Only what runs from the line with "this 1193×1600 image." to the final line of the records below should be given again, word for word.

[DATA]:
===
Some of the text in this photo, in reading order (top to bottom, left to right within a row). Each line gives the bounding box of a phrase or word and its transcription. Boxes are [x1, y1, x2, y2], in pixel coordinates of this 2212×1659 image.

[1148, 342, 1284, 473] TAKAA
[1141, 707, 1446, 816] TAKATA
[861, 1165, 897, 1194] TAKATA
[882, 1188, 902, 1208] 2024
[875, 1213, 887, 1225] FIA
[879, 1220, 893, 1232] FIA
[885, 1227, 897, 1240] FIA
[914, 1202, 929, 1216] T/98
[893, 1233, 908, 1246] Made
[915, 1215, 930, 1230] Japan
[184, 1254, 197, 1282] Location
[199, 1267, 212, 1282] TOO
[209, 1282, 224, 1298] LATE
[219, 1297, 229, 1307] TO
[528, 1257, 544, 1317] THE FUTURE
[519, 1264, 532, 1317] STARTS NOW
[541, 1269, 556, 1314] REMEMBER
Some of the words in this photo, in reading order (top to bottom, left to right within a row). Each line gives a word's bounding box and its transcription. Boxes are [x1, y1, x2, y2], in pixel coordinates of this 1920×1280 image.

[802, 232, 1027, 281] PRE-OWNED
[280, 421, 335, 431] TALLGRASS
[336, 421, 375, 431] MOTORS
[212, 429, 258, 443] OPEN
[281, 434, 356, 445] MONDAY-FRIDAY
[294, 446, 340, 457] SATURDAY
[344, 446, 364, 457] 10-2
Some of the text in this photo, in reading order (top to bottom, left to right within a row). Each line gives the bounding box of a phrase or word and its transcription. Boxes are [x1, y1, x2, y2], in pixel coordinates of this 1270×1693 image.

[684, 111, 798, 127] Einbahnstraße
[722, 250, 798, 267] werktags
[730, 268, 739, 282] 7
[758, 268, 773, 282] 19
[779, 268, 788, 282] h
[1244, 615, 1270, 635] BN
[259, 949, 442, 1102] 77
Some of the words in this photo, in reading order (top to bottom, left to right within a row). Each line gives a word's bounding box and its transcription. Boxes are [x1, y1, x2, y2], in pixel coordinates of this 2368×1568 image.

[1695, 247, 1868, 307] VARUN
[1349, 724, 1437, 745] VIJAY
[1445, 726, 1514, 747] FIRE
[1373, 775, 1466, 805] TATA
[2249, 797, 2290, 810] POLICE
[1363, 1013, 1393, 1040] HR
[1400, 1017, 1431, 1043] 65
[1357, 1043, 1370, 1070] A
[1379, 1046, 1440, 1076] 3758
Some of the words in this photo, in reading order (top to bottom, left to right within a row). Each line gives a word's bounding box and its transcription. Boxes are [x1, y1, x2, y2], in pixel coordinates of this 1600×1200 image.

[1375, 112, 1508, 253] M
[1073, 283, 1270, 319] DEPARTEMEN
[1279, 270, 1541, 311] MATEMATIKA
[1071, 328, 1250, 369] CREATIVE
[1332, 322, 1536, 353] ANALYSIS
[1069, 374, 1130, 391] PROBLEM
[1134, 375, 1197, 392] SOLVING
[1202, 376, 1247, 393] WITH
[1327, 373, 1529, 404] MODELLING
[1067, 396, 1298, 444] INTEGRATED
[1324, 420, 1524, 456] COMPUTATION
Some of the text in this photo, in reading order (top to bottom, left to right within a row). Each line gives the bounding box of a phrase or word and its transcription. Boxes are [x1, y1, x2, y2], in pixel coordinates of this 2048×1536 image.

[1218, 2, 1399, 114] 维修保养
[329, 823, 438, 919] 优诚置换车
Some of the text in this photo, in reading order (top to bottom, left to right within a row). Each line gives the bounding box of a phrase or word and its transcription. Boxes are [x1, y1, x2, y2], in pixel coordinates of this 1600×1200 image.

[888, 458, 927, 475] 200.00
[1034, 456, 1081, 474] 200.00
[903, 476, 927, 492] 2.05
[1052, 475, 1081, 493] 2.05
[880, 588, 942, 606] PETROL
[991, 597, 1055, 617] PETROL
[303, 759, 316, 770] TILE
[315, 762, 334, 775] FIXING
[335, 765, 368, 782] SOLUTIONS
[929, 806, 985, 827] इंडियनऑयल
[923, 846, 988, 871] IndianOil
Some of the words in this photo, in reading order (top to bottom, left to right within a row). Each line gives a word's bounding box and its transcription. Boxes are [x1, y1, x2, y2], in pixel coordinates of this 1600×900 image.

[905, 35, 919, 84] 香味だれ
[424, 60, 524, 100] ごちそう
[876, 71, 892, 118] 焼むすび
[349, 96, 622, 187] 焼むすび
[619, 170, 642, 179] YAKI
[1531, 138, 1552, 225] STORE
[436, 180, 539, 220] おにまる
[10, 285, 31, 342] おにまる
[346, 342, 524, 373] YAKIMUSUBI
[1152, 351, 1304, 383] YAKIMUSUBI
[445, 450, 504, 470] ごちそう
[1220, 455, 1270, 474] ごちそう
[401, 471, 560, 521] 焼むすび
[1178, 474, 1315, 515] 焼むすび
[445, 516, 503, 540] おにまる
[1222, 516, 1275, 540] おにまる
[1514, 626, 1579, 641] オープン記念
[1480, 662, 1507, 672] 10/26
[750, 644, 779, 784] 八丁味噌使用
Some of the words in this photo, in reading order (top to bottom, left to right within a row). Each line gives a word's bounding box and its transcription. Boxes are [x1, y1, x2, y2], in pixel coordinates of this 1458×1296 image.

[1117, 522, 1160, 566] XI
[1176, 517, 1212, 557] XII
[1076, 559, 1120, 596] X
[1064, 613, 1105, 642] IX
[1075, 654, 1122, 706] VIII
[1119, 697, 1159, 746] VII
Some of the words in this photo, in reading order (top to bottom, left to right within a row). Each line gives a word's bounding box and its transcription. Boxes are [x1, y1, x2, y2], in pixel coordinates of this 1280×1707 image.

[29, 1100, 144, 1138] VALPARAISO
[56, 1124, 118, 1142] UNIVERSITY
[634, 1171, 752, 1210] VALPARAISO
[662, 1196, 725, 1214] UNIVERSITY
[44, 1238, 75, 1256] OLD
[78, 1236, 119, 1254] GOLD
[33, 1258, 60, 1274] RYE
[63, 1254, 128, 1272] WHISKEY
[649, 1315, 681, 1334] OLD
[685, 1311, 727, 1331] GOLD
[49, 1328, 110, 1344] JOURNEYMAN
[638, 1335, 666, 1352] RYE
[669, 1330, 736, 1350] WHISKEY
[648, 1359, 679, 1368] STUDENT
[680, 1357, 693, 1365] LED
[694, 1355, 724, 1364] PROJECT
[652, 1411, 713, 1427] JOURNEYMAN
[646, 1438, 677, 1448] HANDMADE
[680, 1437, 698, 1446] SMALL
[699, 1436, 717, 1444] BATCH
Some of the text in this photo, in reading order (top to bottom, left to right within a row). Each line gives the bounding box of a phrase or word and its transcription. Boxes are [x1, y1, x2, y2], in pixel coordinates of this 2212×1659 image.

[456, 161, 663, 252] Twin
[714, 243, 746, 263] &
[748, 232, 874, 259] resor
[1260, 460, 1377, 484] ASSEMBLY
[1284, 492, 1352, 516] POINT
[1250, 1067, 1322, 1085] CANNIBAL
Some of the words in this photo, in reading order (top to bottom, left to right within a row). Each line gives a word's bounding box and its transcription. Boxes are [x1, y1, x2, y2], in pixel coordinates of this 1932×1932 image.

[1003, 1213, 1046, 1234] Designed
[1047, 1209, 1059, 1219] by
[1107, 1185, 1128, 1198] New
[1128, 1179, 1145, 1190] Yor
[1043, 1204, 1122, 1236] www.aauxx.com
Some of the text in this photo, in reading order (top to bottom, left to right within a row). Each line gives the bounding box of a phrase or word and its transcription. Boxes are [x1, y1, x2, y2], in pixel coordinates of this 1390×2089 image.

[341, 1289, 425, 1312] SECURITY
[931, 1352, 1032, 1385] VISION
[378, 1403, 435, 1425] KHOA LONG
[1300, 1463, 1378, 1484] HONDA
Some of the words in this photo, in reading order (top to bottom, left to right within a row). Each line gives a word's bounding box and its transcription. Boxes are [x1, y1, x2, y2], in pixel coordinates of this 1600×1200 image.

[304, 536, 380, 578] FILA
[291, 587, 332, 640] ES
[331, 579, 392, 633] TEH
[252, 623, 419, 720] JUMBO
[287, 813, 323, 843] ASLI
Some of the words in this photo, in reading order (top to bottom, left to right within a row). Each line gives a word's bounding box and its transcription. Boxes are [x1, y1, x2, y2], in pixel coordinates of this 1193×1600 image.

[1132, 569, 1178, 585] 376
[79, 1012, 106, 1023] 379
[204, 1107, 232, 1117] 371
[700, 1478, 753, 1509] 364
===
[SOLUTION BELOW]:
Some of the words in this photo, in reading order (top to bottom, left to right within a row). Each line gives a word's bounding box and its transcription. Boxes are [x1, y1, x2, y2], in pixel coordinates of this 1193×1600 image.

[1132, 569, 1178, 585] 376
[79, 1012, 106, 1023] 379
[204, 1107, 232, 1117] 371
[700, 1478, 753, 1509] 364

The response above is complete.